## REQUIRED WORK
The task calls for an exact copy of the records, without any images.

[Images for object localization]
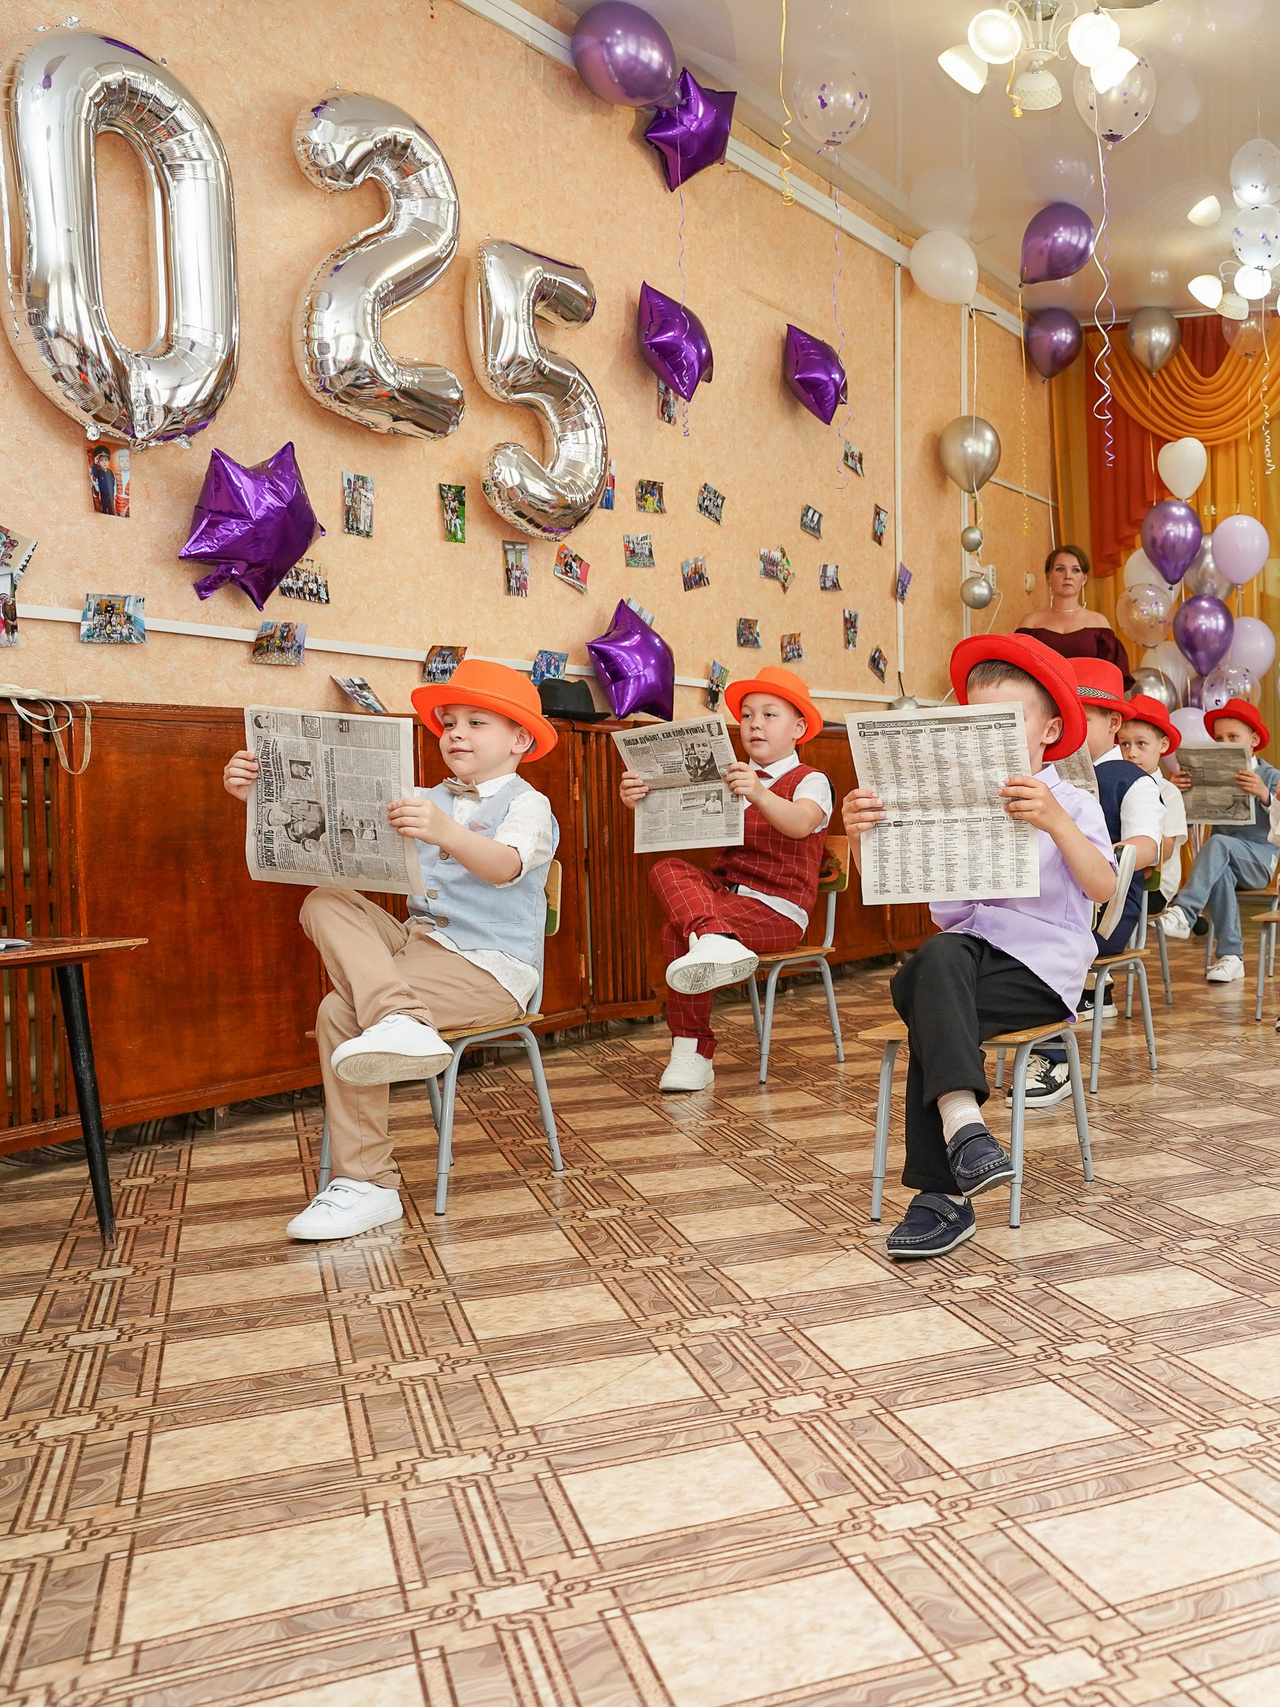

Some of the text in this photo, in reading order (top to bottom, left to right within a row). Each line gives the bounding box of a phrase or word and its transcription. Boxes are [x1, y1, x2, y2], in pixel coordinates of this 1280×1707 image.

[622, 738, 640, 747] Люди
[661, 731, 673, 740] как
[673, 727, 686, 738] хлеб
[260, 739, 272, 760] СЦЕНУ!
[262, 760, 271, 768] НА
[262, 768, 275, 798] ВЕРНЕТСЯ
[263, 829, 277, 867] БРОСИТ ПИТЬ

## FINISHED EXERCISE
Some of the text in this photo, in reading order (top to bottom, left to right within a row). Each line gives the bounding box of a phrase or word and its transcription. Boxes are [x1, y1, x2, y2], in pixel coordinates of this 1280×1707 image.

[622, 738, 640, 747] Люди
[661, 731, 673, 740] как
[673, 727, 686, 738] хлеб
[260, 739, 272, 760] СЦЕНУ!
[262, 760, 271, 768] НА
[262, 768, 275, 798] ВЕРНЕТСЯ
[263, 829, 277, 867] БРОСИТ ПИТЬ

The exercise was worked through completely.